> **Exercise details**
Your answer should consist only of the records, copied exactly, with the images removed.

> **Given data**
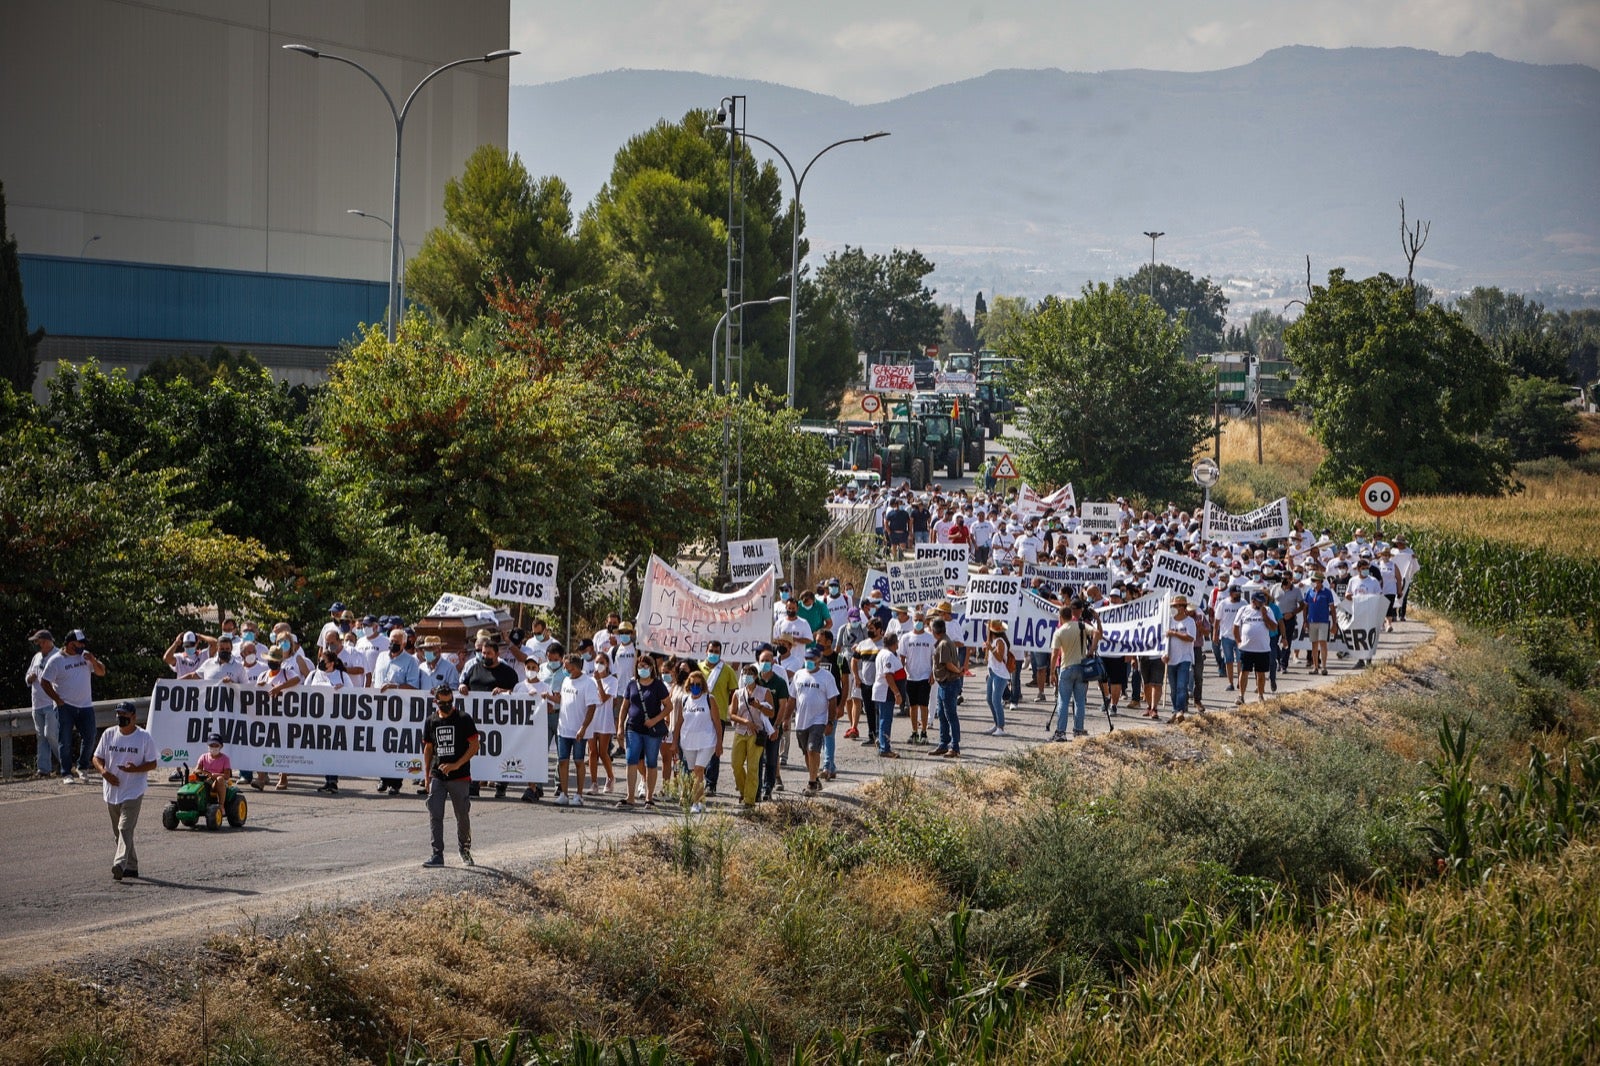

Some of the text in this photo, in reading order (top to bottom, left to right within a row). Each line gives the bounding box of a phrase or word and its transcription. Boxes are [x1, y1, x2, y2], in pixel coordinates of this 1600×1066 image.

[1368, 490, 1391, 503] 60
[1209, 521, 1229, 531] PARA
[1230, 523, 1239, 531] EL
[742, 544, 764, 558] POR LA
[917, 548, 966, 562] PRECIOS
[495, 556, 554, 577] PRECIOS
[1025, 565, 1036, 575] LOS
[1070, 570, 1109, 581] SUPLICAMOS
[1157, 554, 1206, 582] PRECIOS
[495, 578, 543, 598] JUSTOS
[891, 575, 945, 592] CON EL SECTOR
[970, 579, 1018, 595] PRECIOS
[1153, 573, 1197, 597] JUSTOS
[892, 592, 917, 604] LACTEO
[970, 600, 1009, 615] JUSTOS
[648, 611, 742, 634] DIRECTO
[663, 635, 678, 648] LA
[1013, 616, 1059, 648] LACT
[1099, 621, 1166, 653] SPAÑOL
[154, 685, 200, 712] POR
[204, 686, 235, 713] UN
[240, 690, 325, 718] PRECIO
[330, 693, 403, 722] JUSTO
[410, 696, 437, 723] DE
[472, 698, 537, 726] LECHE
[187, 718, 502, 757] DE VACA PARA EL GANRO
[174, 749, 189, 758] UPA
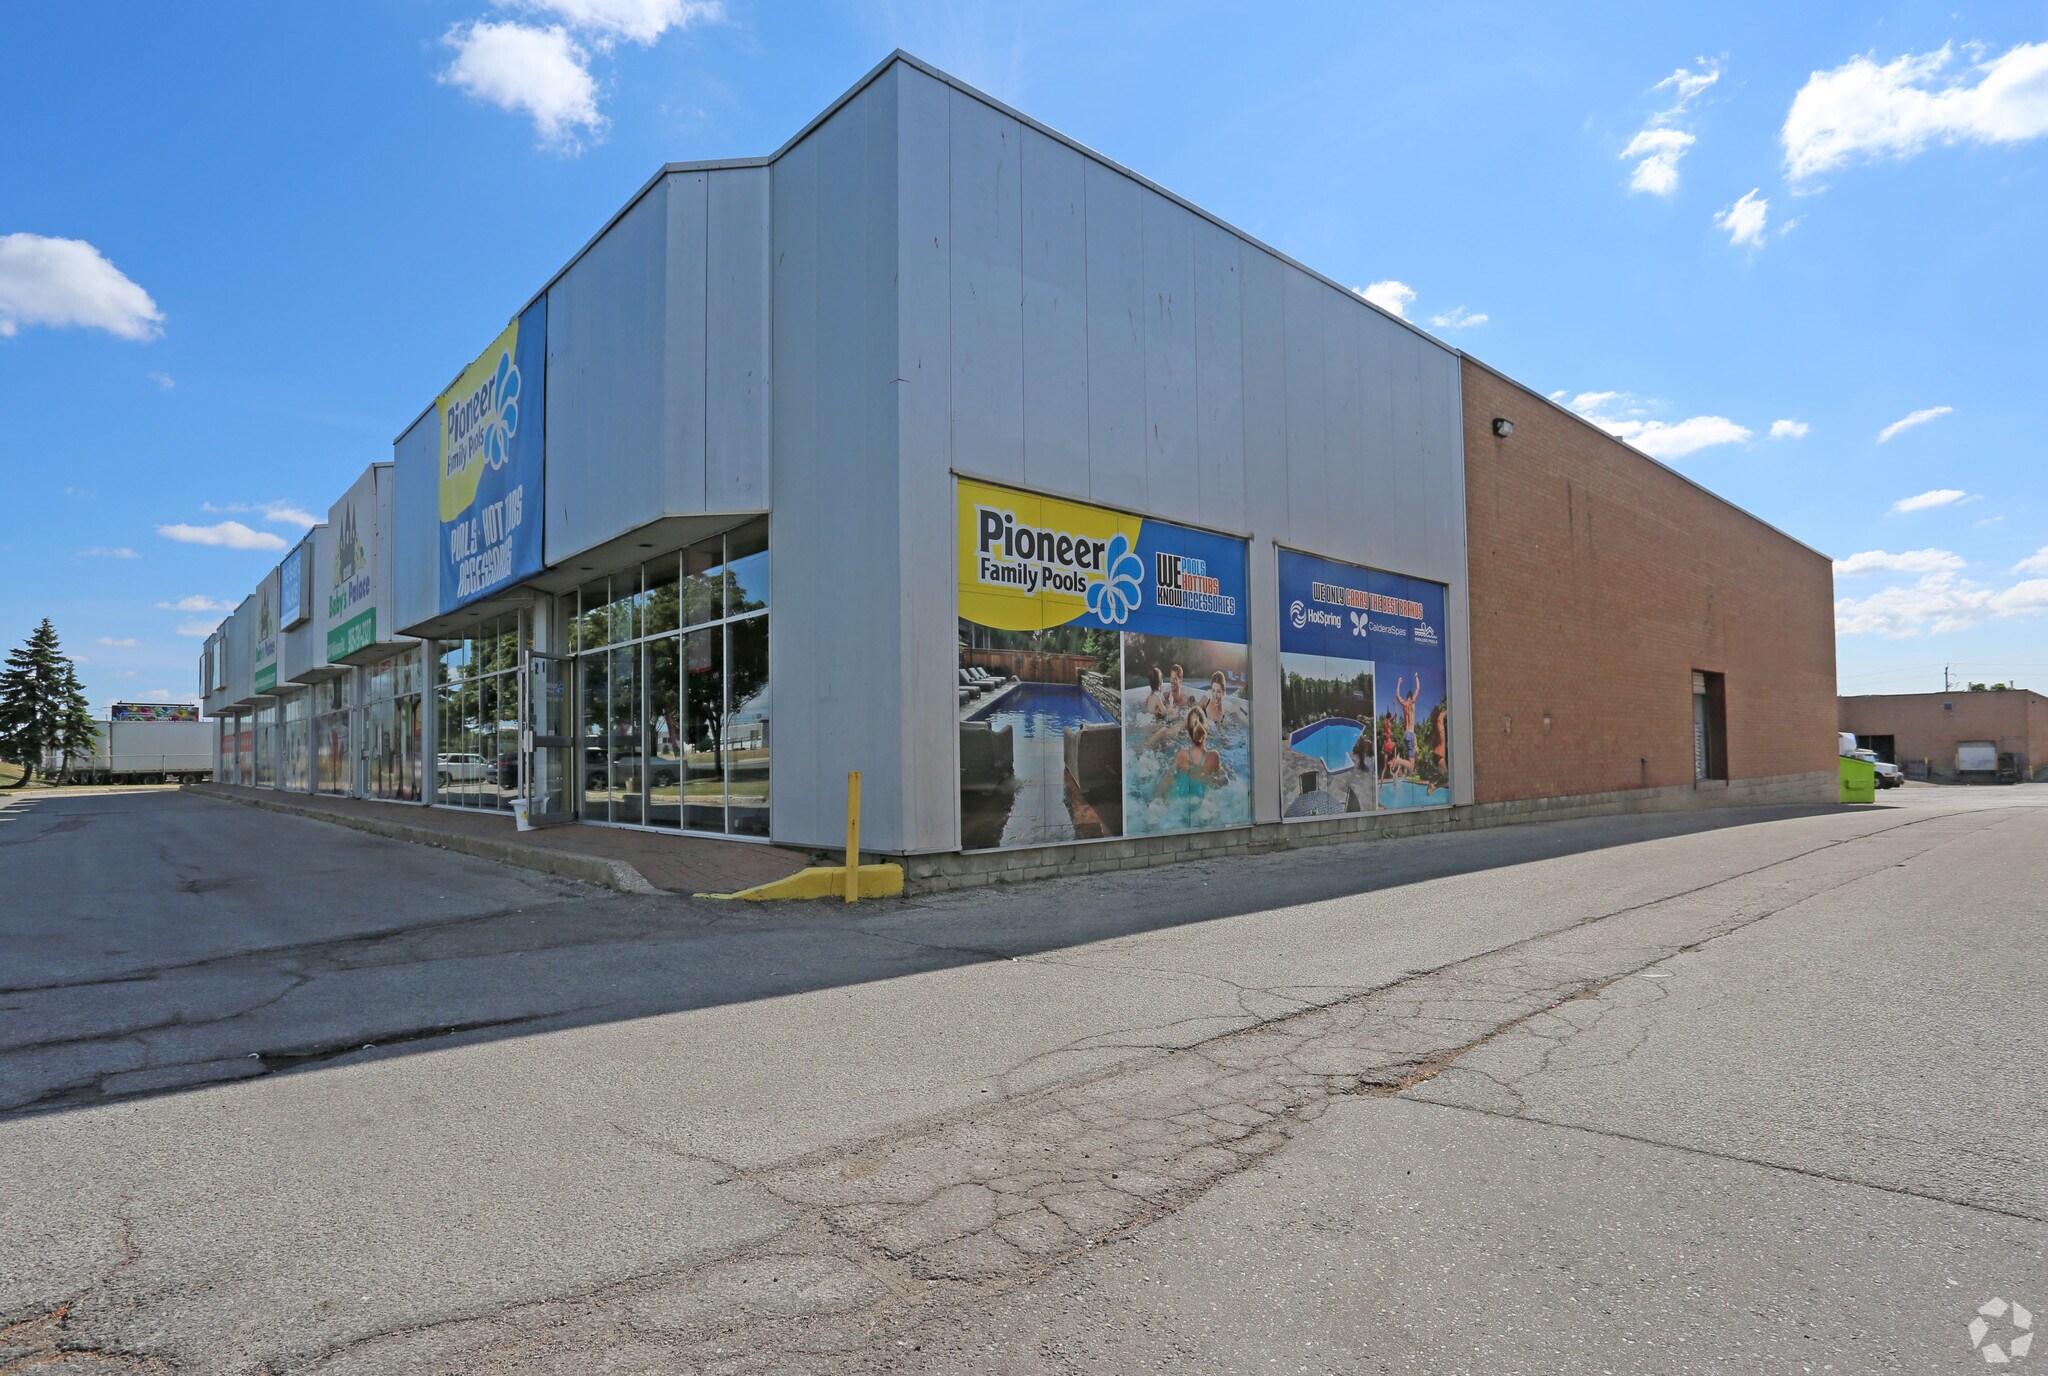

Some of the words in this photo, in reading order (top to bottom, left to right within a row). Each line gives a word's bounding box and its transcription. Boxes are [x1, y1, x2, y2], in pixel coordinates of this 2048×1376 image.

> **Finished exercise**
Some of the text in this photo, in reading order (top to bottom, left to right within a row). Each line gives the bounding box of a phrase or word and its transcription. Boxes are [x1, y1, x2, y2], in pixel coordinates of this 1600×1066 image.

[1368, 490, 1391, 503] 60
[1209, 521, 1229, 531] PARA
[1230, 523, 1239, 531] EL
[742, 544, 764, 558] POR LA
[917, 548, 966, 562] PRECIOS
[495, 556, 554, 577] PRECIOS
[1025, 565, 1036, 575] LOS
[1070, 570, 1109, 581] SUPLICAMOS
[1157, 554, 1206, 582] PRECIOS
[495, 578, 543, 598] JUSTOS
[891, 575, 945, 592] CON EL SECTOR
[970, 579, 1018, 595] PRECIOS
[1153, 573, 1197, 597] JUSTOS
[892, 592, 917, 604] LACTEO
[970, 600, 1009, 615] JUSTOS
[648, 611, 742, 634] DIRECTO
[663, 635, 678, 648] LA
[1013, 616, 1059, 648] LACT
[1099, 621, 1166, 653] SPAÑOL
[154, 685, 200, 712] POR
[204, 686, 235, 713] UN
[240, 690, 325, 718] PRECIO
[330, 693, 403, 722] JUSTO
[410, 696, 437, 723] DE
[472, 698, 537, 726] LECHE
[187, 718, 502, 757] DE VACA PARA EL GANRO
[174, 749, 189, 758] UPA

Some of the words in this photo, in reading order (top to bottom, left to right within a row). Each line gives a word's bounding box and its transcription. Boxes are [x1, y1, x2, y2], in pixel coordinates of this 2048×1376 image.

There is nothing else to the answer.